When it comes to strength training, many dancers avoid it like the plague. They'e afraid it will make them bulky and they therefore won't be able to fit into their ballet leotards or dance recital costumes.
And yet, strength training can help you enormously in your dance performances, as well as to get more out of your dance rehearsals. Just think about how much you're jumping, twisting, lifting or holding certain positions, and you'll quickly see how critically important strength training is to your on-stage and in-studio abilities.
So what are some of the myths about strength training and what's the real truth behind them? Here's a look at three of the biggest ones:
Myth #1: It will make you too big in your ballet leotards.
You want to be nimble and flexible, but at the same time powerful. Strength training can help you to achieve both and it won't make you bulky if you take the right approach. For instance, if you only strength train a couple days of week, you'll be able to build up your muscle without adding any bulk.
Myth #2: It doesn't work the right muscles.
If you're repetitively only working out certain muscles, it's eventually going to lead to imbalances in your body. But with strength training, you can correct those imbalances, as well as boost your overall strength and endurance in the process.
Myth #3: It will impact flexibility.
Strength training actually doesn't impact your flexibility in a negative way. In fact, it can improve it. You just have to make sure you're doing it safely. That's why it can often be best to work out under the guidance of a skilled trainer or a physical therapist.
In addition to the benefits above, there are also a host of other reasons dancers should consider strength training, including the following:
Helps to prevent injuries.
As a dancer, you know you get your body to move in ways that defy logic and amaze audiences. But all that joint super-flexibility is hard on your body and can also open it up to injury.

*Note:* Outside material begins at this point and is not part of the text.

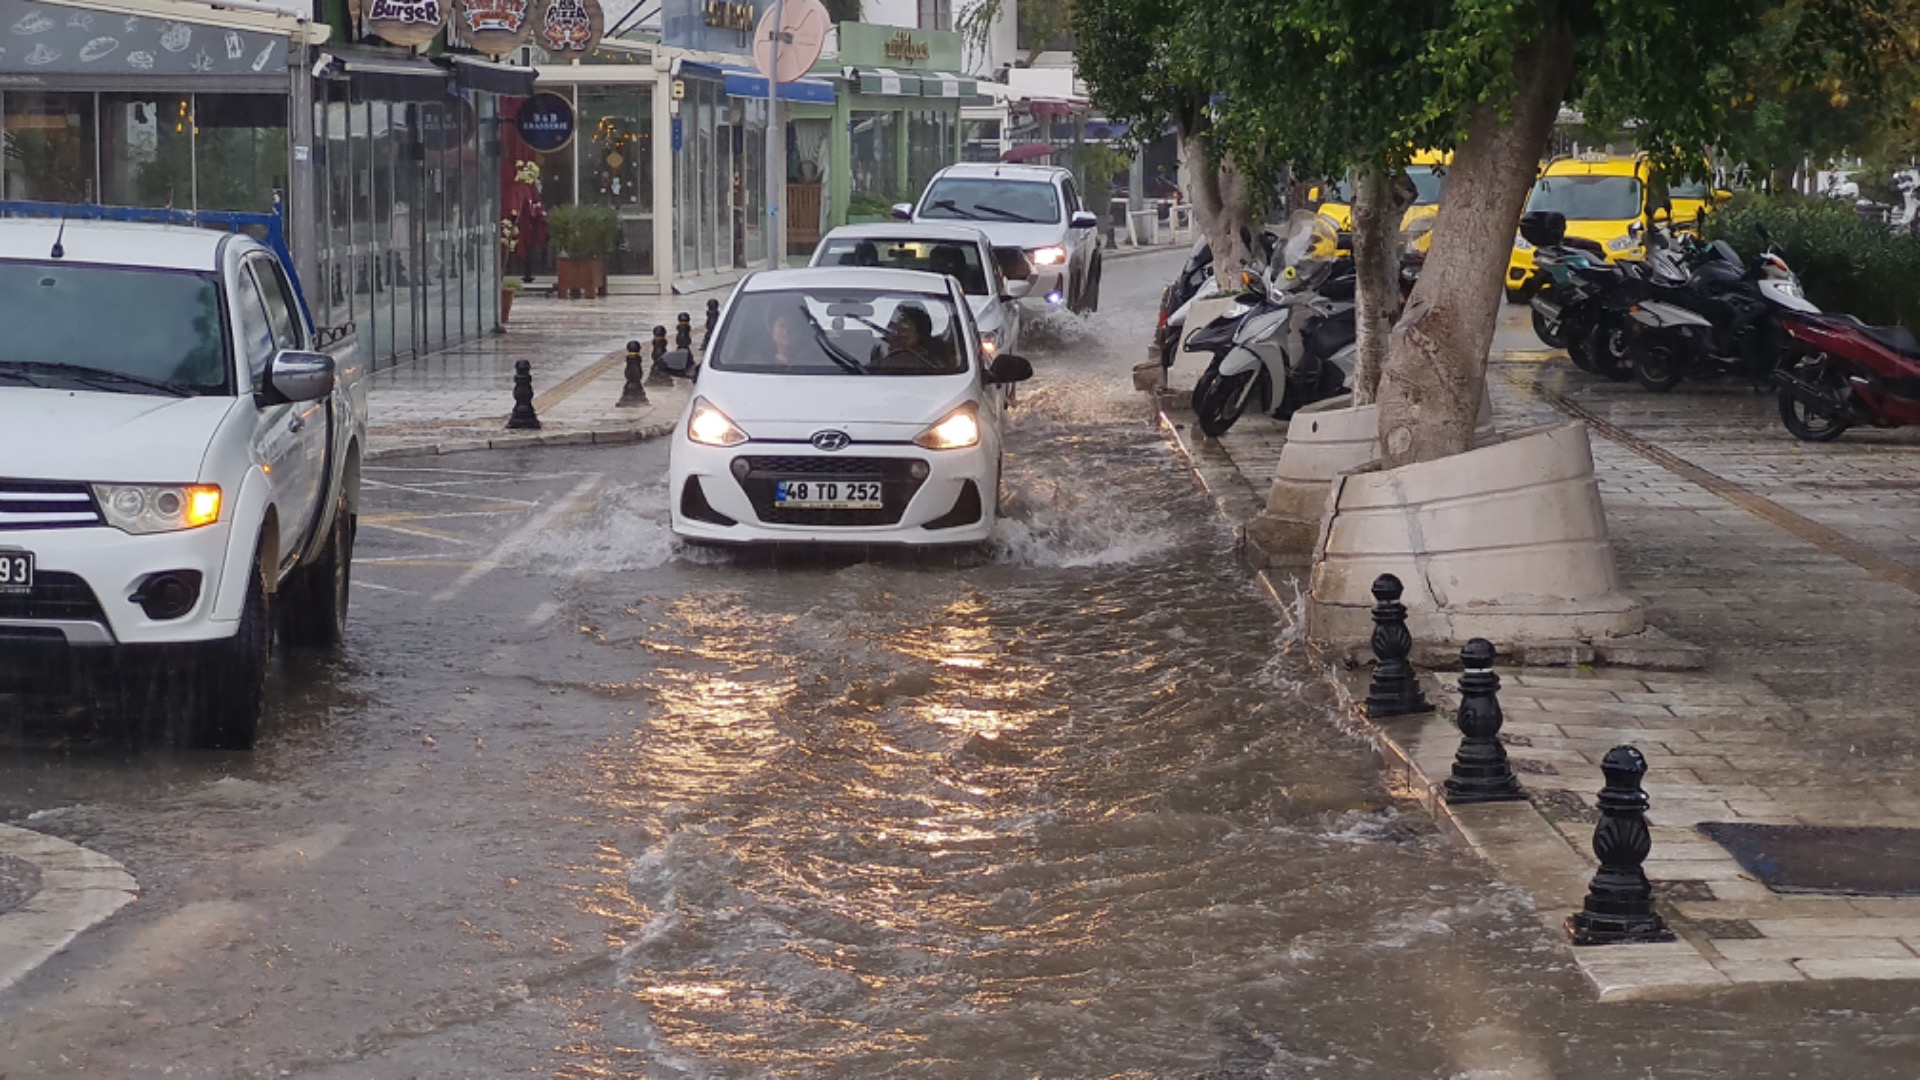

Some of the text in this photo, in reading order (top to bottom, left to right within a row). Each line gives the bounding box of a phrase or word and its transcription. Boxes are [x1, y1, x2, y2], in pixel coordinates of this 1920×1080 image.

If, however, you add strength training to your workout mix, you can actually help to limit your risk for injury. For instance, with strength training, you're dramatically improving the strength of not only your muscles, but also your tendons and ligaments, too. This helps to keep your body in the right alignment, protecting bones and joints during the impact of a performance or rehearsal.
Improves core strength.
Dancers tend to focus a lot on the lower halves of their bodies. And it's no wonder. The legs, ankles and feet are at the center of what you do. However, by also focusing on strength training for the core including the spine, trunk and pelvis, you can allow for more powerful movements in your dance. Likewise, when these core muscles are strong, they can also help to prevent injury, particularly in the back.
Allows for more commanding movements.
When you're on the stage, you want your moves to be explosive, not tired and weak. Strength training is one way to get there. With it, you can overcome issues with fatigue and boost your endurance. This is especially important if you have a long or particularly rigorous performance coming up. It can also help you with your lifts and balance too, so you can better execute your moves and deliver a dazzling performance to audiences.
Now that you know the many ways your dance body can benefit from strength training, where should you focus your efforts?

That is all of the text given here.